▶ **Assigned task**
When you restate the entries that follow, keep every word exactly and drop the pictures.

★ ★ ★ ★

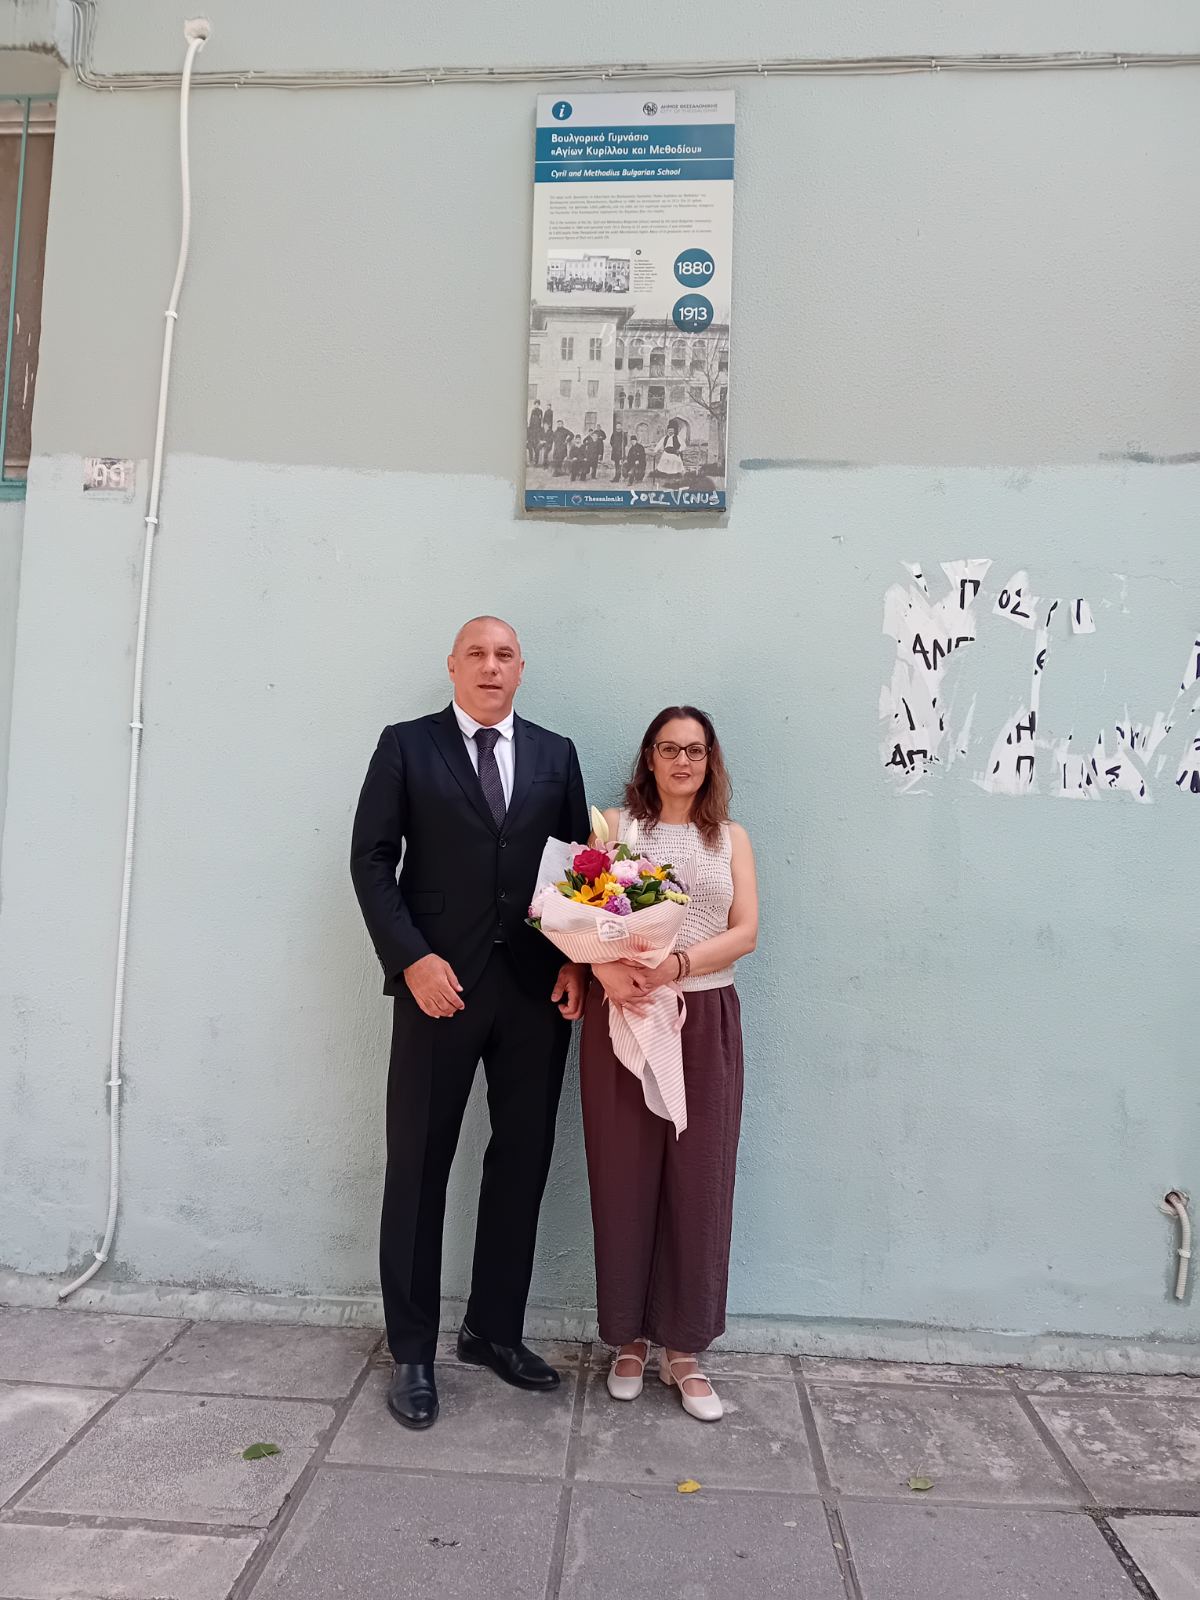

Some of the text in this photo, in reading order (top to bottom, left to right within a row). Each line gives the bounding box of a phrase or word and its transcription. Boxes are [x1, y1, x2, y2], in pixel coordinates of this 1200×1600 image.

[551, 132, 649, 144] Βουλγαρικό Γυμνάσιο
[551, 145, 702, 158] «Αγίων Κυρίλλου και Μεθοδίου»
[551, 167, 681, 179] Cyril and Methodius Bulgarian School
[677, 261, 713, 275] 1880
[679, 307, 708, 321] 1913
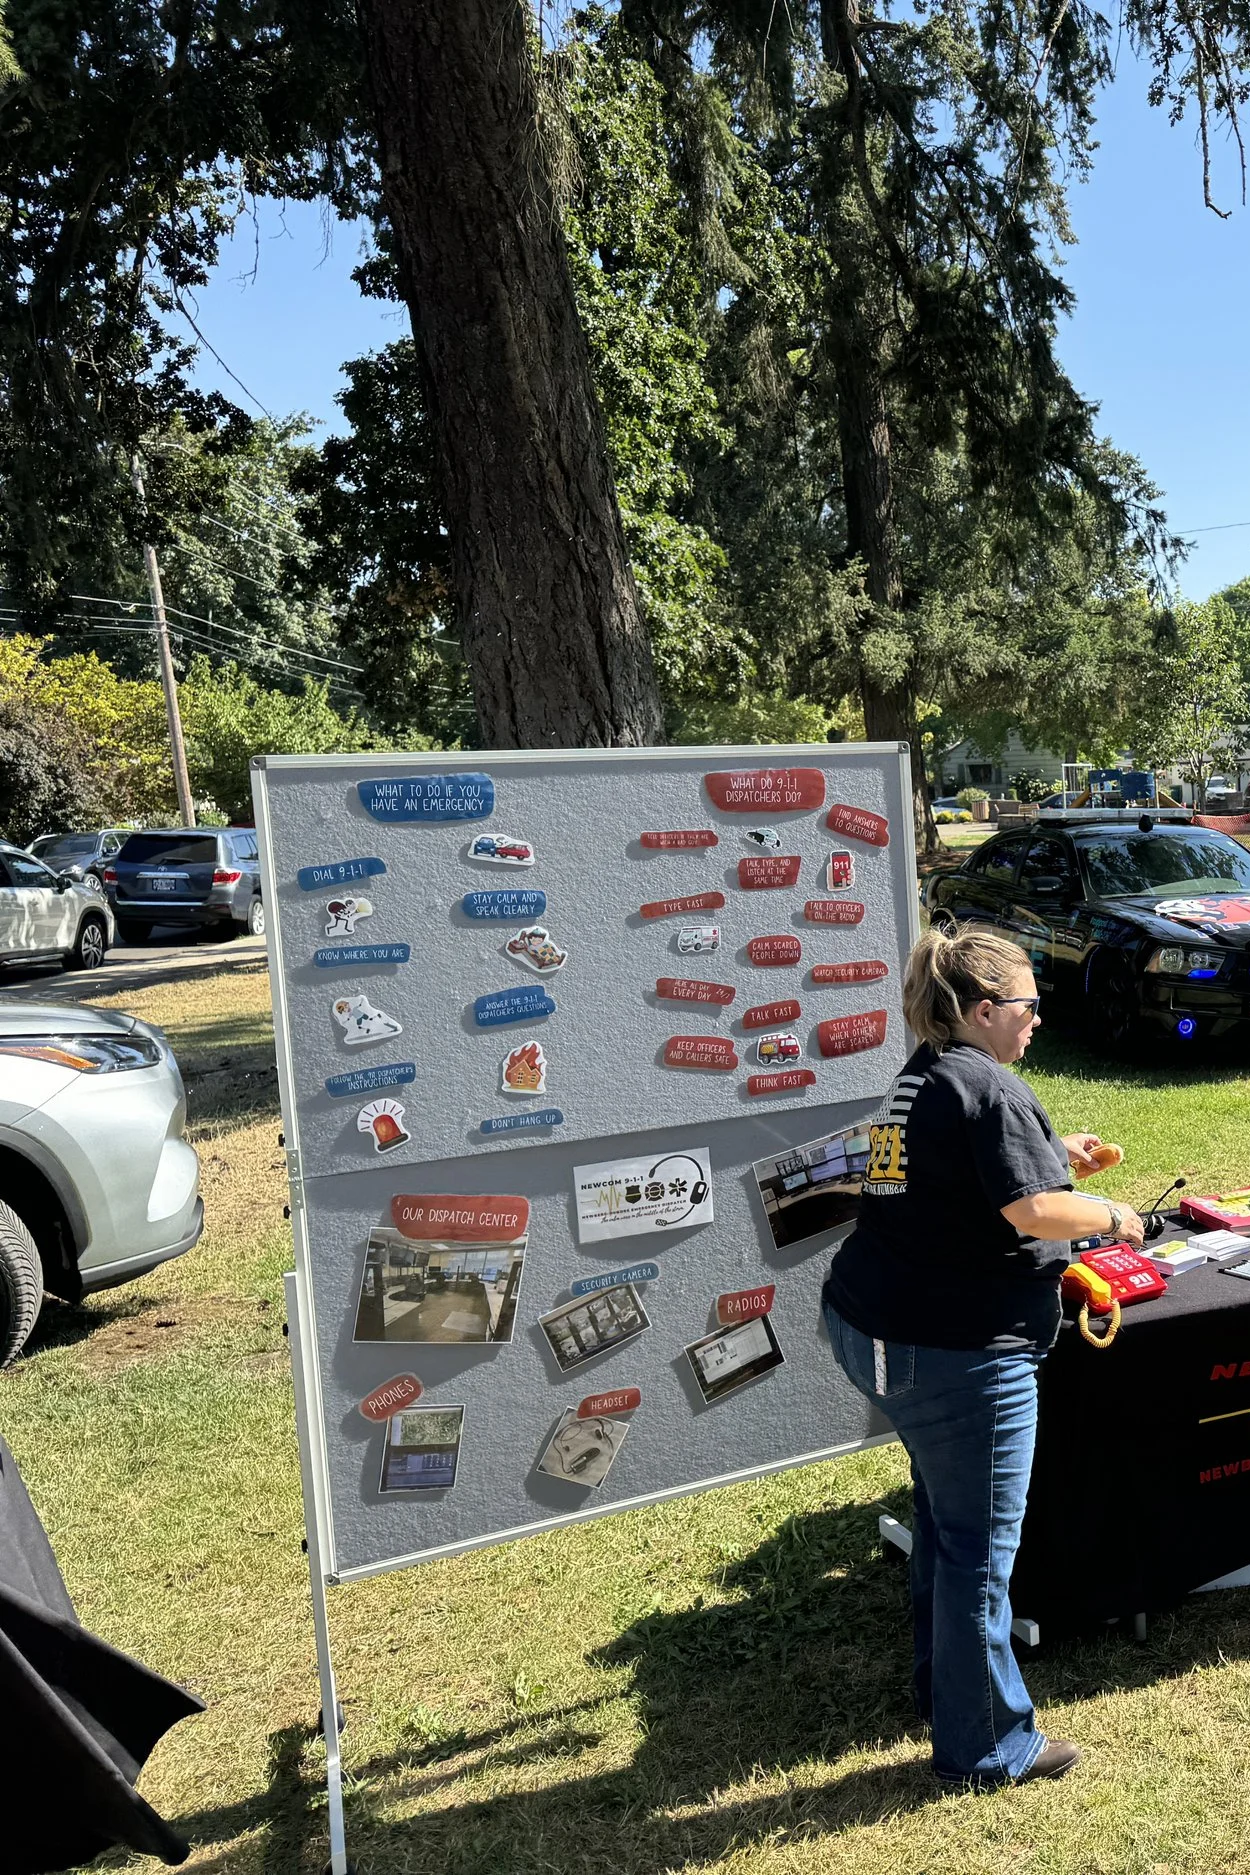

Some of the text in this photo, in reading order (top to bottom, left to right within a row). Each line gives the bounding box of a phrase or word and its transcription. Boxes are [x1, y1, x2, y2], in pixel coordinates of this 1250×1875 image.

★ ★ ★ ★

▶ **Exercise answer**
Some of the text in this photo, in reading order (top to bottom, left to right within a row). Each line gives the bounding box of a phrase or word and its transcription. Boxes are [x1, y1, x2, y2], in pixel coordinates of this 1200×1600 image.

[551, 132, 649, 144] Βουλγαρικό Γυμνάσιο
[551, 145, 702, 158] «Αγίων Κυρίλλου και Μεθοδίου»
[551, 167, 681, 179] Cyril and Methodius Bulgarian School
[677, 261, 713, 275] 1880
[679, 307, 708, 321] 1913

Some of the text in this photo, in reading order (top to bottom, left to right within a row). Each line gives the bounding box of a phrase or word and its transcription. Boxes are [x1, y1, x2, y2], in pixel coordinates of this 1250×1875 image.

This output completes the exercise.